Tuesday, May 12, 2009
The Human Genome Sequence Is not Complete
The latest version of the human genome sequence is called Build 36 or GRCh37. Here's an overview from the Genome Reference Consortium.
The large red triangles represent regions where there is a lot of variability so that no single representation of the genome sequence will describe a majority of humans.
The black regions represent parts of the chromosomes that have not been sequenced and assembled into long stretches (contigs) of reliable sequence. Most of the unsequenced regions are at centromeres, or telomeres, or on the Y chromosome. These regions consist of thousands of copies of highly repetitive DNA. It is impossible to assemble these repetitive sequences.

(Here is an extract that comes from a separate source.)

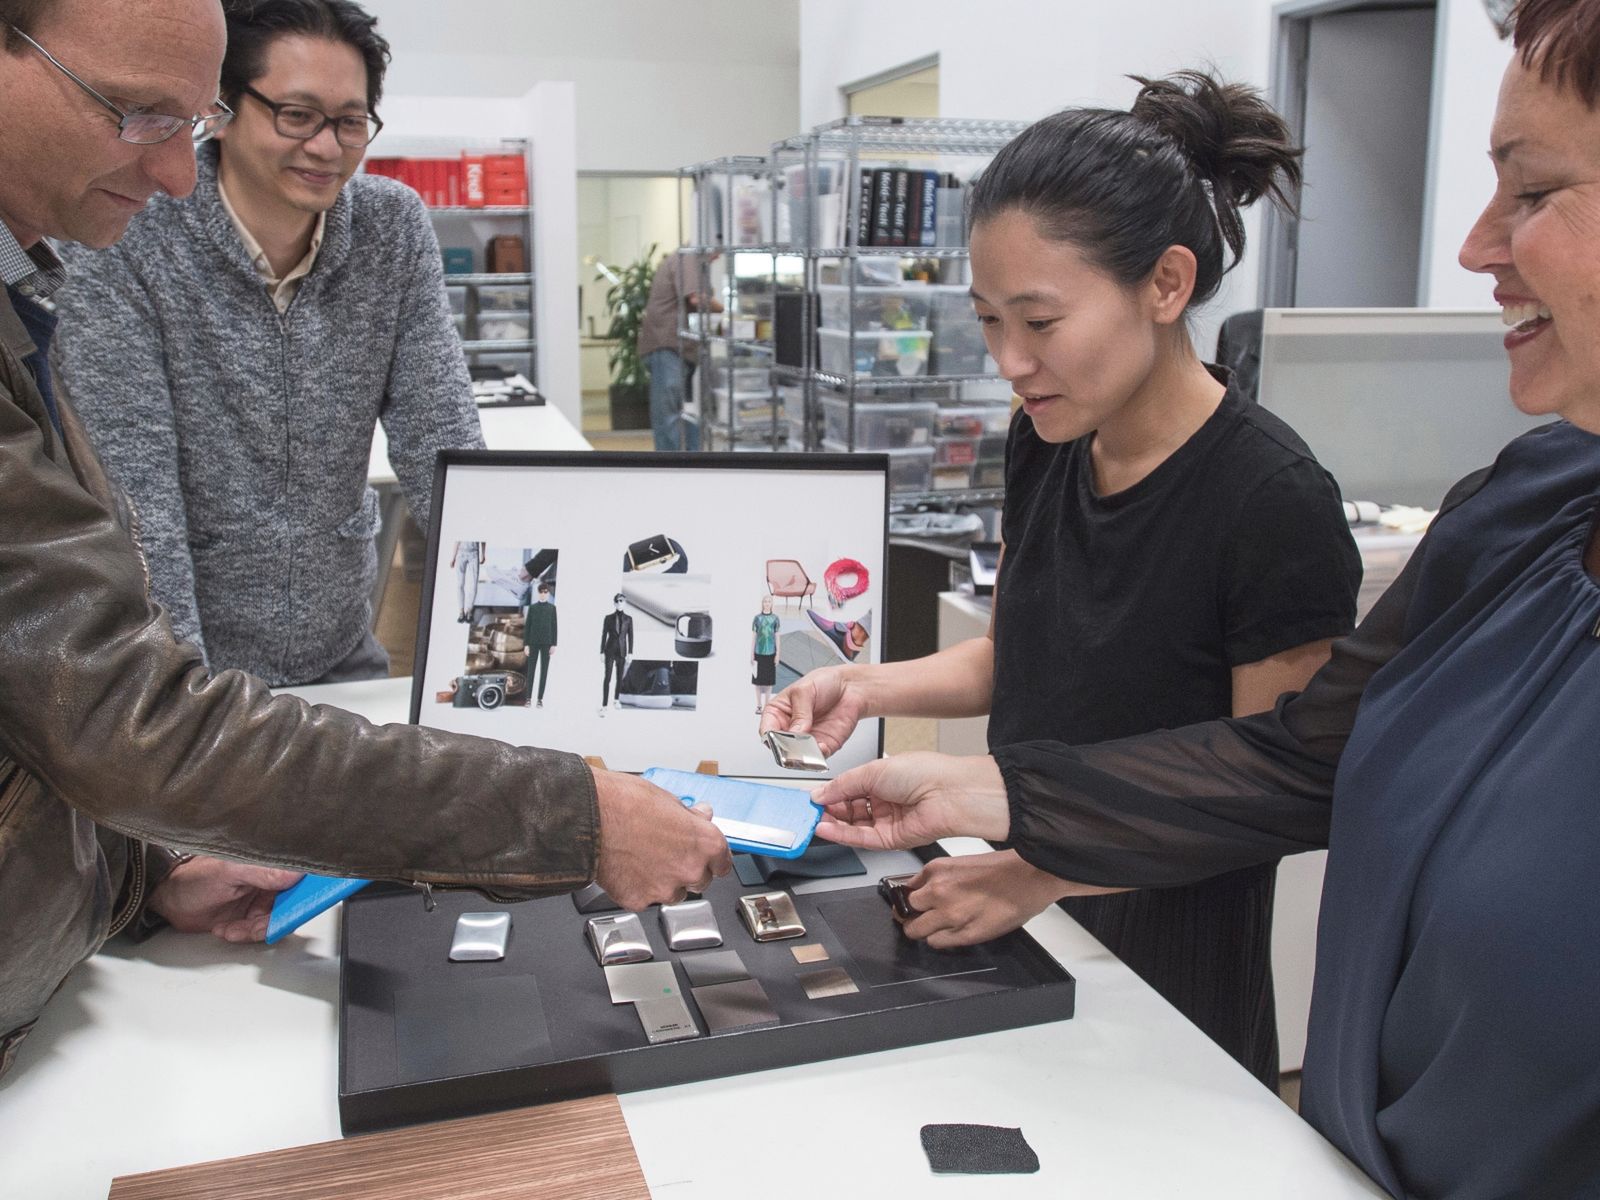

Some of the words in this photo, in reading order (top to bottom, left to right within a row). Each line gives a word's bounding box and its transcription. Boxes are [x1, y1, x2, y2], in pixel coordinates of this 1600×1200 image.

Scientists are urging that more attention be focused on completing the chimpanzee and macaque genome sequences. We have been waiting a long time for the draft sequences of those genomes to be finished. The explosion of data on the human genome can only be realistically evaluated by comparing it to our closest relatives. (For example, are human non-coding RNAs conserved in primates?)
The fact that the human genome is not complete is not a problem. We know what's in the repetitive sequence regions even though we don't know exactly how it is arranged. The effort required to finish of the last bit is probably not as important as getting a final draft of other sequences.
Sandra Porter wonders Why don't we finish the human genome first?.